Sandwiched in a geographic anomaly of Commerce City, south of the old drive-in at 88th and Rosemary and north of the Gala Gardens restaurant, where bountiful fried-chicken dinners are served in a grand building that sits in a vast field, the Berry Patch is marked only by two small hand-painted signs, and once you find it, you still have to park your car and walk down a long dirt road, past curious cows and fields of cabbage, to really be there. Its corporate headquarters consist of a tent, three picnic tables, hundreds of pint containers and Claudia Ferrell, now in the process of unloading 22,000 pounds of pumpkins for the autumn festivities to come.

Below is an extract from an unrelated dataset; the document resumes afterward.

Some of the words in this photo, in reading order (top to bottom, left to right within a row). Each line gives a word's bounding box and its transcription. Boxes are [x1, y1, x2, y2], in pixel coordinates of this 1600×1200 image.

Married since 1994 to commercial berry farmer Tim Ferrell, Claudia first got the idea for a pick-your-own berry plantation during a wholesome drive through Nebraska with her young nephews. Berry picking, complete with berry eating and berry smashing, was the most popular activity on the trip. She had been growing winter squash and potatoes on her plot and found it harder work than her previous twenty years as a family-practice doctor. This, she thought, would be more fun, and certainly more social.

As it turned out, many of her customers stayed for hours, picking berries, exchanging recipes and just hanging around. "A lot of them are home-schoolers with their kids," Claudia observes. "At a home school, you can get credit for this."

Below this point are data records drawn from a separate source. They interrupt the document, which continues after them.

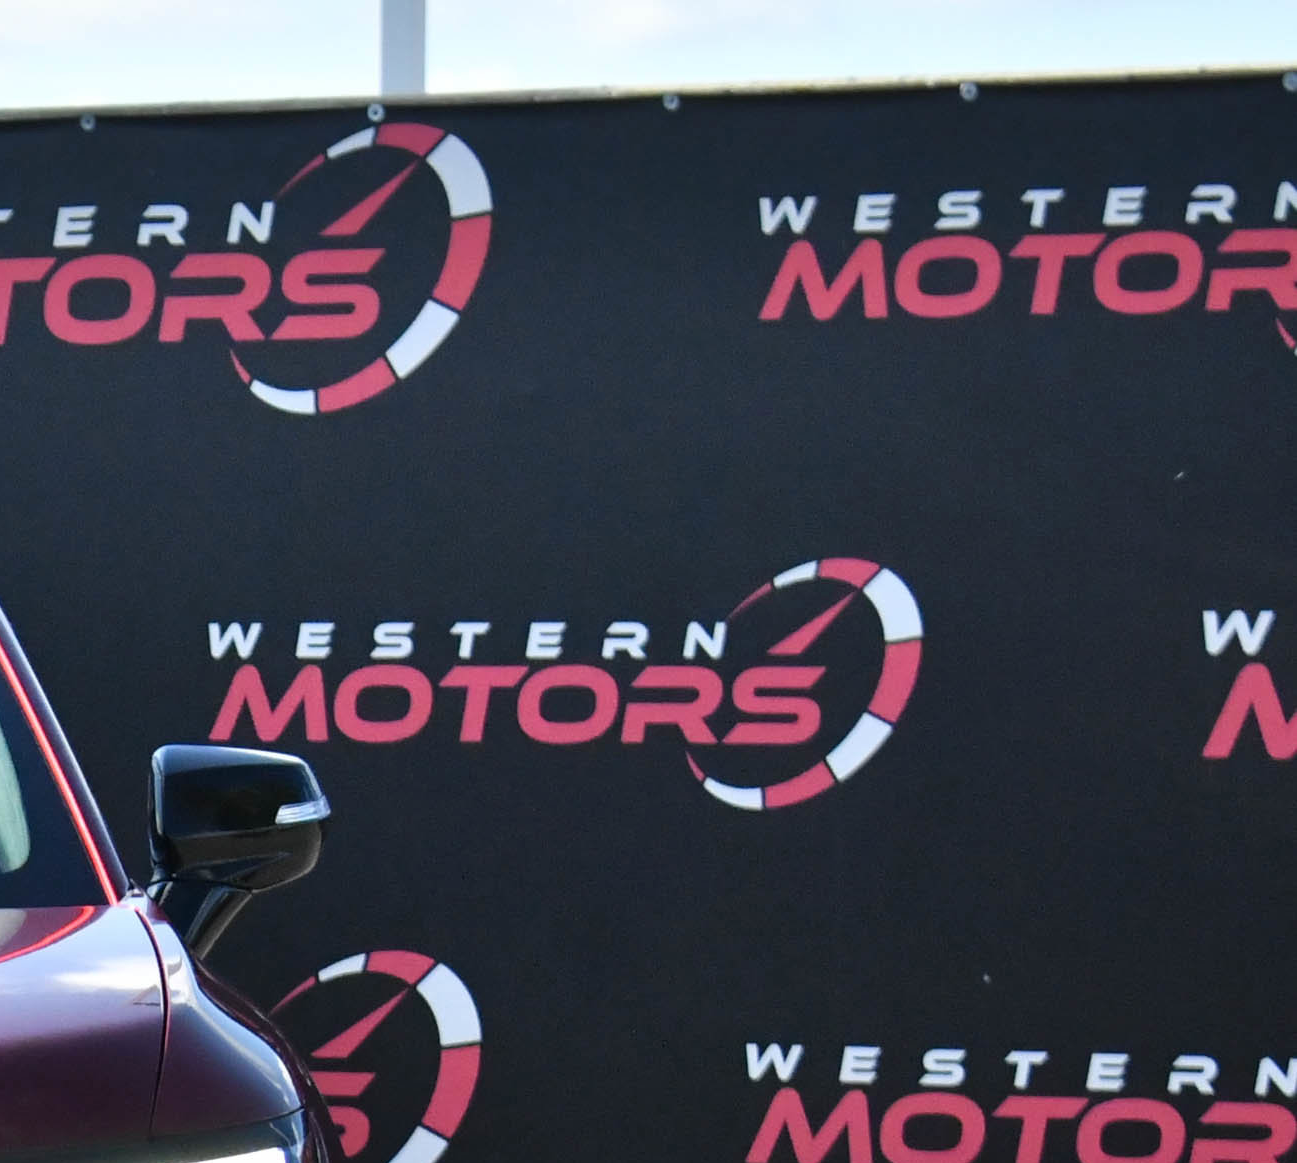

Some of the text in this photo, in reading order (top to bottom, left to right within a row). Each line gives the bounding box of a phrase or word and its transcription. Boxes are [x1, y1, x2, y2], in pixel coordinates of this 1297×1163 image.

[208, 621, 727, 660] WESTERN
[208, 663, 826, 745] MOTORS
[745, 1042, 1297, 1098] WESTERN
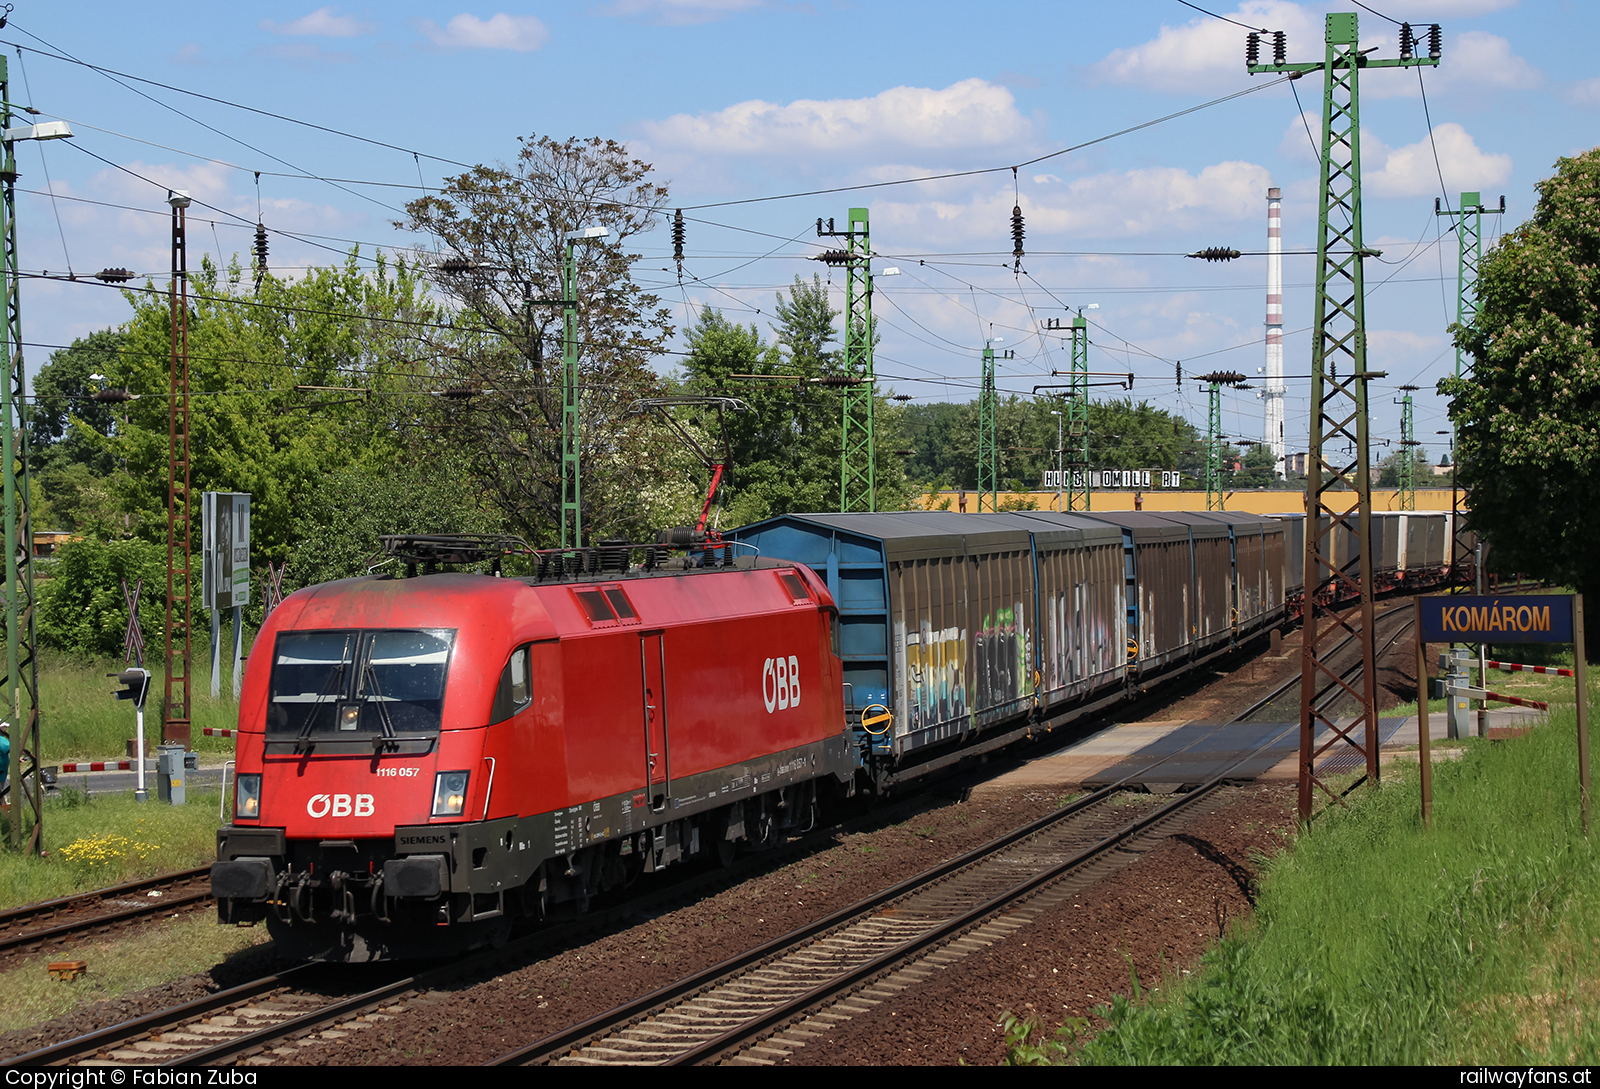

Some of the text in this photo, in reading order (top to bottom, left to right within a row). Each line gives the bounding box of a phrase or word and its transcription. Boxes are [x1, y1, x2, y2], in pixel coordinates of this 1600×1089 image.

[1442, 600, 1550, 632] KOMÁROM
[762, 654, 801, 715] ÖBB
[376, 767, 420, 777] 1116 057
[306, 793, 375, 818] ÖBB
[400, 835, 446, 845] SIEMENS

Growing up in rural Iowa, Claudia had always wanted this kind of life, but she went to medical school instead. "I was called by God," she explains matter-of-factly. "Becoming a doctor was a very clear case of intervention." She moved to Denver in 1981 and settled in Park Hill, where she began with a small backyard garden. "It got bigger and bigger," she remembers. "I expanded and expanded and landscaped and landscaped and added fruit trees and pots and containers and started seeds indoors. I even went up to the mountains to collect wild raspberries. What I really dreamed of was a farm."

Instead, she began volunteering for COMPA Food Ministries, a local food bank. She met Tim Ferrell at its annual banquet, and he offered her a few acres to cultivate. She cut her occupational-medicine work down to three twelve-hour days per week--a schedule she continues today--and dug in. After a summer spent farming side by side, the future Ferrells went out for ice cream and formed a more permanent partnership. "And you always hear a woman over 35 who isn't married doesn't have a snowball's chance in hell," Claudia laughs. "I married at 42. Now we live in a 1912 farmhouse southwest of Brighton with linoleum glued on over the hardwood floors. It's perfect."

By the year 2000, the Ferrells will have four acres of raspberries growing there--as well as six of strawberries, the number-one fruit--but until then, they'll continue to lease their place in Commerce City, where two varieties of fall-bearing raspberries begin producing in mid-August and continue through Columbus Day, frost willing.

Just what kind of plants they are is a trade secret, but this much is clear: They will appeal to the harvest lust that clearly lurks beneath the surface of almost anyone. Following a loosely organized "row system," Claudia will arm you with a cardboard flat and send you down your own territory of bushes. You will emerge, hours later, with juice-stained hands and a stomach full of fruit, wondering where the profit margin could possibly be.

"Yeah, well, who says we're making money?" Claudia responds. "Part of the experience is eating while picking, and people come here for the experience. You can play golf, you can go to a park. But to really be outside, you need to pick raspberries.